Using node.js and jquery to scrape websites
[tweetmeme source=”anismiles” only_single=false http://www.URL.com%5D
I have been playing with Node.js for last few days and am totally head over heels. Madly in love! It’s awesome to know how much you can build with how little. I have ranted about Node.js earlier and did some comparisons too. It’s fast, really fast. And it’s plain old Javascript we have been using for last many-many years now. I thought I would build a real world application with it to see how much it stands the water. Earlier I thought to make a something on top of Riak, but that felt like running too fast. Instead I picked up something simpler to deal only with Node.js. Now, I think it would make sense to brush up on some Javascript fundaments.
Javascript objects
Yes. Javascript is an object oriented language. But it’s different from your traditional classical OO languages like Java and Ruby.
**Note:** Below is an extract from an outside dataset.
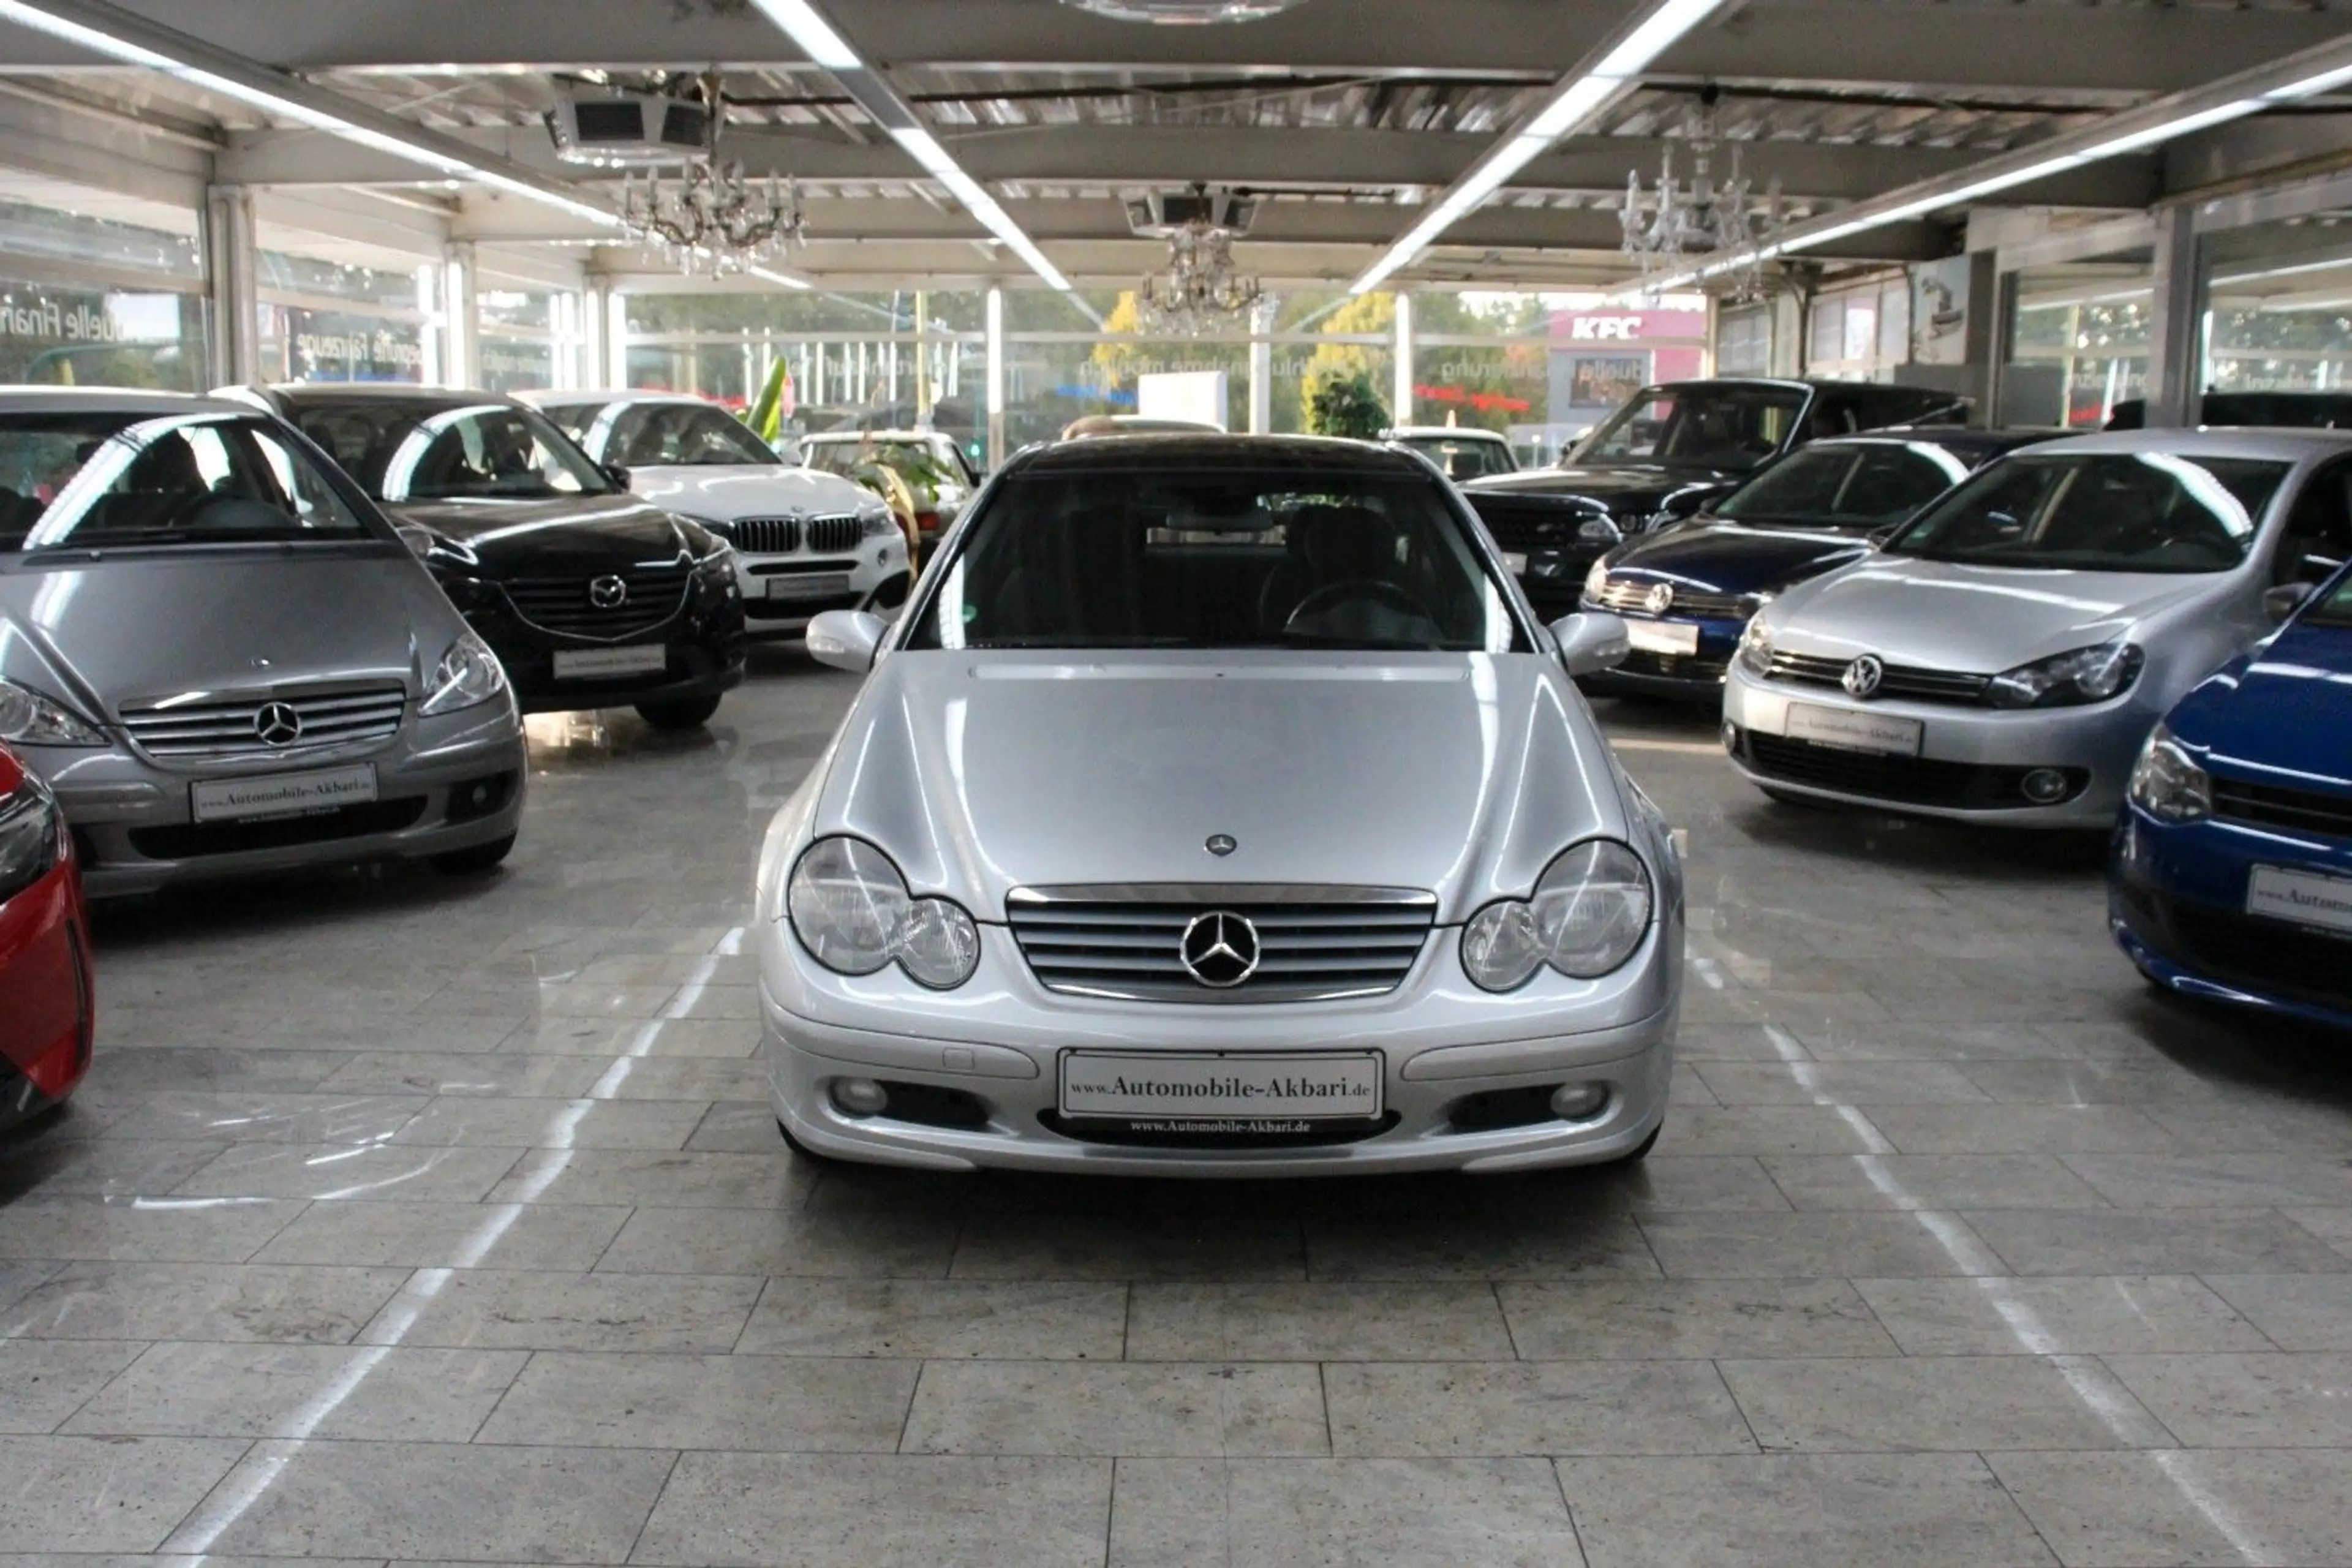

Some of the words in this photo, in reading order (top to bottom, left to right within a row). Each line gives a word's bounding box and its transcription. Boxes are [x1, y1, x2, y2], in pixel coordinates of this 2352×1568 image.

[1572, 316, 1643, 339] KFC
[1071, 1076, 1371, 1098] www.Automobile-Akbari.de
[1130, 1120, 1311, 1133] www.Automobile-Akbari.de
- One obvious difference is in syntax, and the other major one is that
- Other languages have methods while Javascript has first-class functions.
First class functions. What does it mean? It means that they are expressions and can be assigned to a variable and can be easily passed around. Does it sound like a closure in Ruby? It does indeed. Well thought, it’s a little more than that. I will come to this again some other time. For now, let’s find out how we can create objects and use them? I will focus tell you two ways to do it.
The Classical way
Here is a constructor function for object Shape. It accepts two parameters and saves them into respective instance variables.
function Shape(width, height) { this.width = width; // instance variable width this.height = height; // instance variable height this.getArea = function() { // function to calculate Area, notice the assignment. return this.width * this.height; }; } var rectangle = new Shape (2, 5); // instantiate a new Shape object console.log (rectangle.getArea()); // calculate the area: 10
Javascript uses prototype chains to add new functions or variables to an object on the fly. You should read more about this thing here: http://www.packtpub.com/article/using-prototype-property-in-javascript
I will add a new function to calculate the perimeter of my Shape object.
Shape.prototype.getPerimiter = function() { return 2 * (this.width + this.height); } console.log (rectangle.getPerimiter());
What happened here? Did you notice that even if ‘rectangle’ was already defined it could access the newly added function to calculate perimeter. Wasn’t that awesome? Javascript is intelligent, dude. If you ask for something, it looks into the current object, and if not found, it would go up the object’s prototype chain to look for what you asked for. And since, we added the new function to the prototype, it’s found unscrupulously. There is a lot of interesting stuffs going on here, you must read about it. I would suggest buying Manning’s Javascript Ninja, if you are really serious about it.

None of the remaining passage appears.